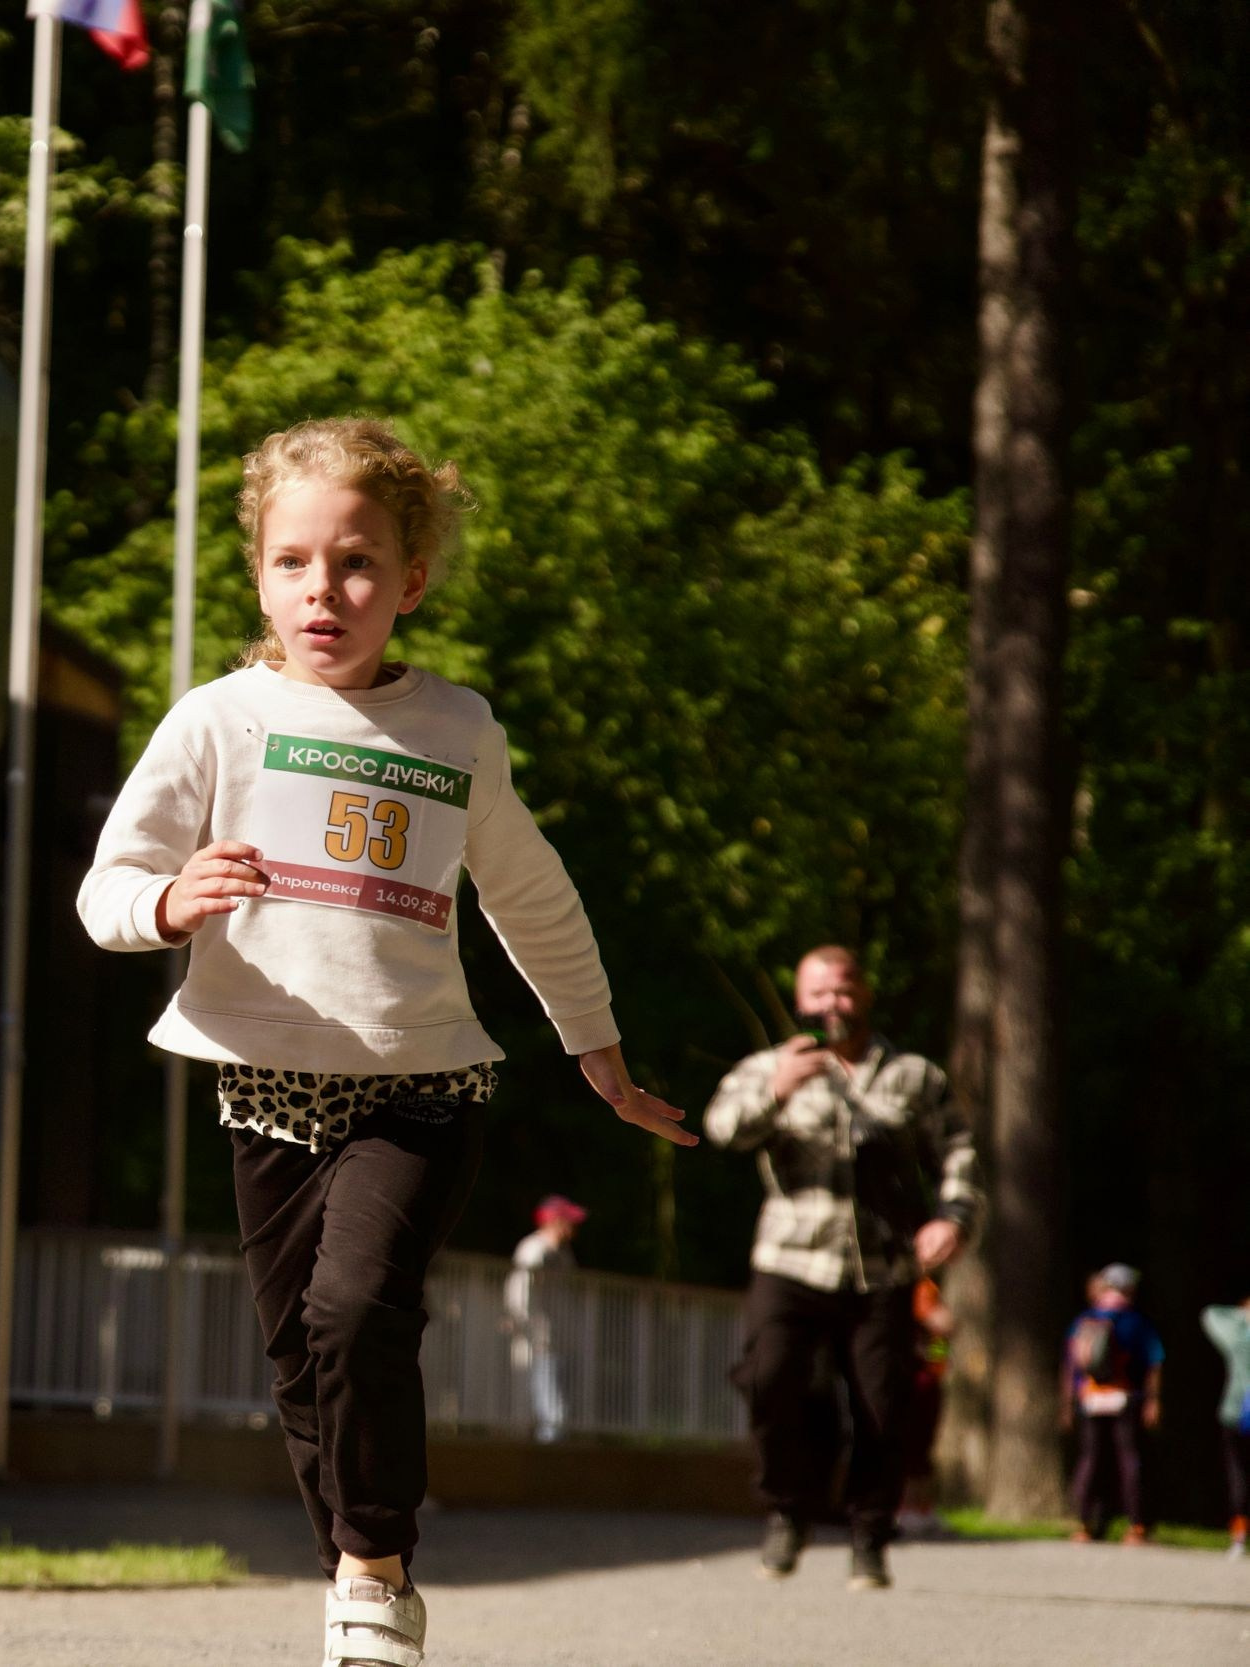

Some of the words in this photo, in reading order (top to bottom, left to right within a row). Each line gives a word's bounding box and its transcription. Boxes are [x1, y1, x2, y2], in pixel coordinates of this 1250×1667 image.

[287, 746, 378, 775] КРОСС
[381, 762, 455, 796] ДУБКИ
[324, 790, 410, 871] 53
[270, 872, 360, 897] Апрелевка
[376, 889, 437, 916] 14.09.25
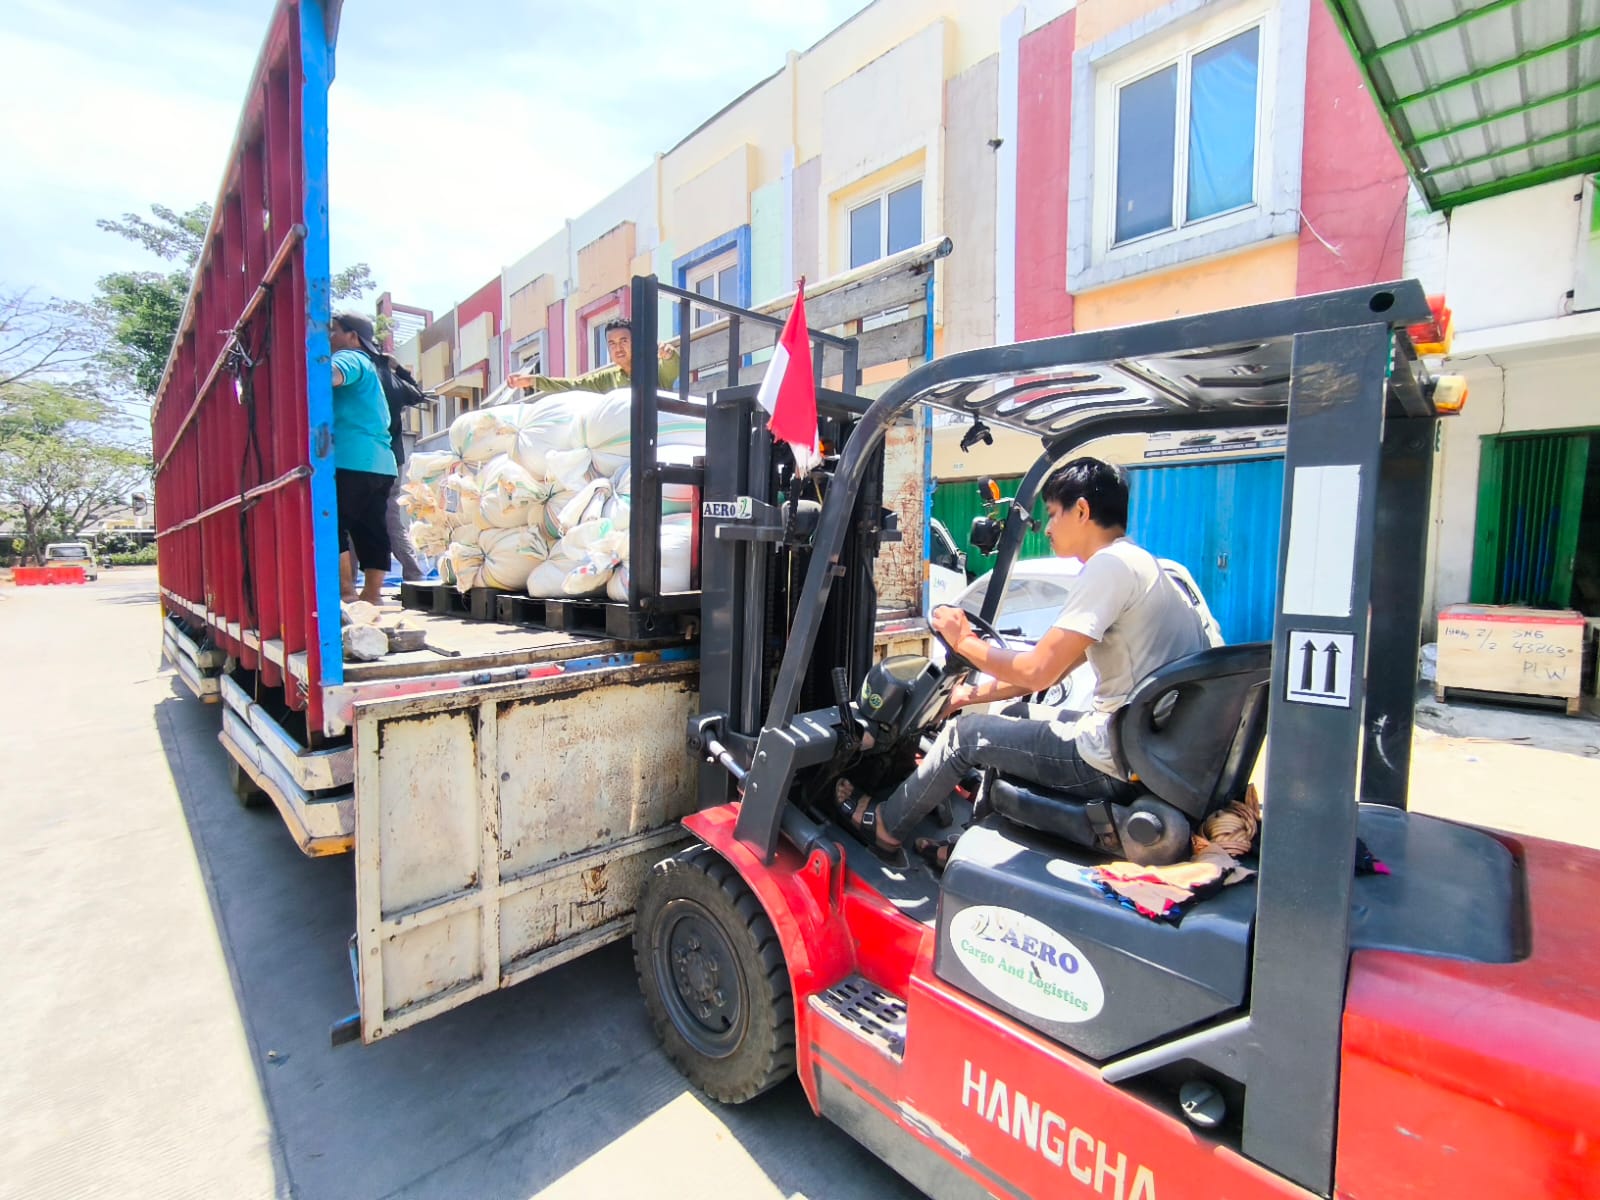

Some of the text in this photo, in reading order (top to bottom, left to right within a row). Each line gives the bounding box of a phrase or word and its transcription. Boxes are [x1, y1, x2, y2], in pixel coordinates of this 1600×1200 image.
◆ ◆ ◆ ◆ ◆
> To do:
Could you write out the records exactly while omitting every picture?

> Exercise result:
Some of the words in this photo, in reading order (top to bottom, left to right within a row). Each line gives a word's bounding box and its transcription. Boxes are [x1, y1, x2, y2], in pixel coordinates of this 1250×1667 image.

[287, 746, 378, 775] КРОСС
[381, 762, 455, 796] ДУБКИ
[324, 790, 410, 871] 53
[270, 872, 360, 897] Апрелевка
[376, 889, 437, 916] 14.09.25

Some of the text in this photo, in reading order (top to bottom, left to right within a row). Each line gives the bounding box of a phrase or word and its transcription. Boxes are [x1, y1, x2, y2], in pixel coordinates of this 1600×1200 image.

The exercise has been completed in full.